TASK PROMPT
Only the text of the entries below should be returned, exactly as given, without pictures.

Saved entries
********

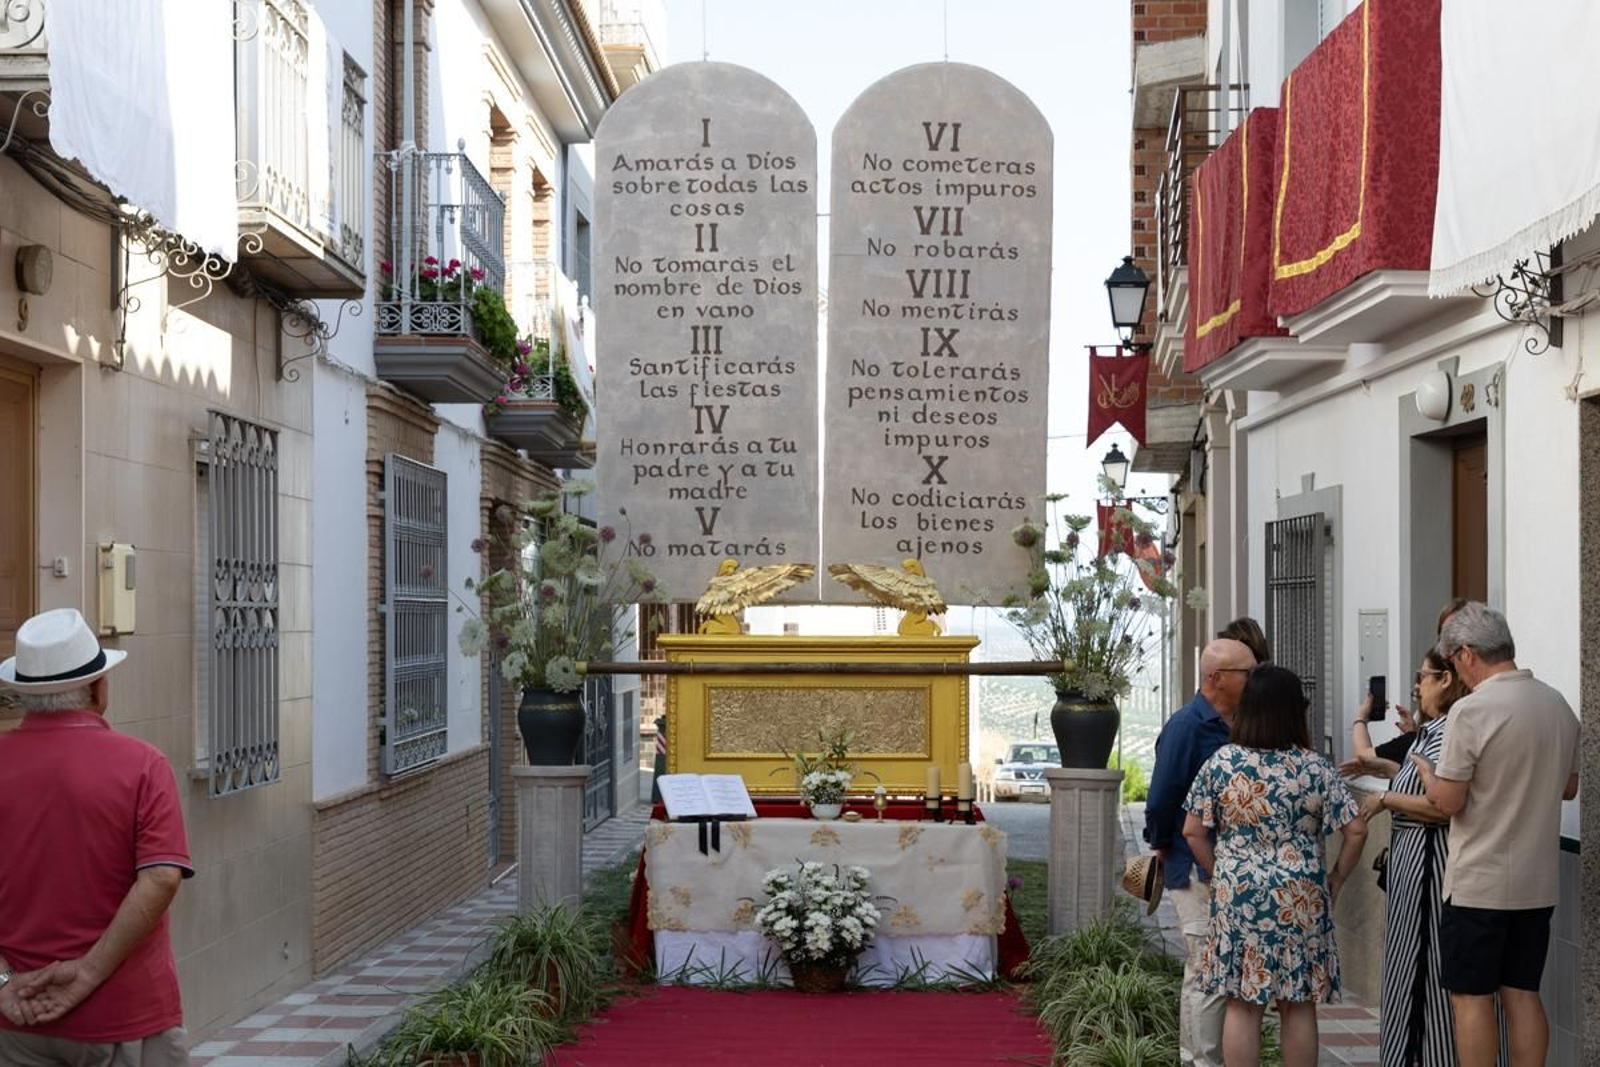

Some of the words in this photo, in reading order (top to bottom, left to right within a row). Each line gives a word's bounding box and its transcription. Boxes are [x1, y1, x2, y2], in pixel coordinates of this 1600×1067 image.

[701, 118, 710, 147] I
[922, 122, 961, 152] VI
[612, 152, 714, 171] Amarás
[721, 157, 736, 170] a
[747, 152, 796, 170] Dios
[863, 153, 892, 171] No
[612, 176, 680, 194] sobre
[686, 175, 757, 193] todas
[770, 175, 808, 193] las
[851, 178, 922, 195] actos
[936, 179, 1036, 204] impuros
[670, 202, 744, 216] cosas
[914, 206, 964, 236] VII
[695, 224, 718, 252] II
[868, 238, 896, 256] No
[914, 240, 1018, 260] robarás
[616, 256, 642, 274] No
[772, 254, 795, 272] el
[615, 277, 701, 296] nombre
[716, 276, 743, 295] de
[753, 278, 802, 295] Dios
[906, 269, 971, 299] VIII
[657, 305, 684, 319] en
[696, 305, 754, 318] vano
[862, 299, 890, 317] No
[901, 302, 1018, 320] mentirás
[691, 325, 723, 355] III
[920, 327, 960, 358] IX
[630, 356, 795, 381] Santificarás
[851, 360, 880, 377] No
[892, 361, 1021, 381] tolerarás
[641, 381, 677, 398] las
[690, 380, 781, 408] fiestas
[848, 384, 1029, 407] pensamientos
[694, 405, 729, 434] IV
[878, 405, 899, 423] ni
[912, 405, 997, 425] deseos
[621, 437, 738, 456] Honrarás
[747, 440, 762, 453] a
[768, 437, 797, 453] tu
[884, 429, 990, 455] impuros
[633, 458, 709, 485] padre
[742, 463, 757, 477] a
[765, 461, 794, 477] tu
[922, 455, 948, 485] X
[669, 480, 747, 500] madre
[852, 488, 880, 506] No
[892, 488, 1025, 509] codiciarás
[695, 507, 721, 536] V
[861, 511, 897, 529] los
[917, 513, 994, 532] bienes
[628, 540, 655, 557] No
[668, 537, 786, 556] matarás
[897, 536, 983, 559] ajenos

********

REPLY
Some of the words in this photo, in reading order (top to bottom, left to right within a row). Each line gives a word's bounding box and its transcription. Boxes are [x1, y1, x2, y2], in pixel coordinates of this 1600×1067 image.

[701, 118, 710, 147] I
[922, 122, 961, 152] VI
[612, 152, 714, 171] Amarás
[721, 157, 736, 170] a
[747, 152, 796, 170] Dios
[863, 153, 892, 171] No
[612, 176, 680, 194] sobre
[686, 175, 757, 193] todas
[770, 175, 808, 193] las
[851, 178, 922, 195] actos
[936, 179, 1036, 204] impuros
[670, 202, 744, 216] cosas
[914, 206, 964, 236] VII
[695, 224, 718, 252] II
[868, 238, 896, 256] No
[914, 240, 1018, 260] robarás
[616, 256, 642, 274] No
[772, 254, 795, 272] el
[615, 277, 701, 296] nombre
[716, 276, 743, 295] de
[753, 278, 802, 295] Dios
[906, 269, 971, 299] VIII
[657, 305, 684, 319] en
[696, 305, 754, 318] vano
[862, 299, 890, 317] No
[901, 302, 1018, 320] mentirás
[691, 325, 723, 355] III
[920, 327, 960, 358] IX
[630, 356, 795, 381] Santificarás
[851, 360, 880, 377] No
[892, 361, 1021, 381] tolerarás
[641, 381, 677, 398] las
[690, 380, 781, 408] fiestas
[848, 384, 1029, 407] pensamientos
[694, 405, 729, 434] IV
[878, 405, 899, 423] ni
[912, 405, 997, 425] deseos
[621, 437, 738, 456] Honrarás
[747, 440, 762, 453] a
[768, 437, 797, 453] tu
[884, 429, 990, 455] impuros
[633, 458, 709, 485] padre
[742, 463, 757, 477] a
[765, 461, 794, 477] tu
[922, 455, 948, 485] X
[669, 480, 747, 500] madre
[852, 488, 880, 506] No
[892, 488, 1025, 509] codiciarás
[695, 507, 721, 536] V
[861, 511, 897, 529] los
[917, 513, 994, 532] bienes
[628, 540, 655, 557] No
[668, 537, 786, 556] matarás
[897, 536, 983, 559] ajenos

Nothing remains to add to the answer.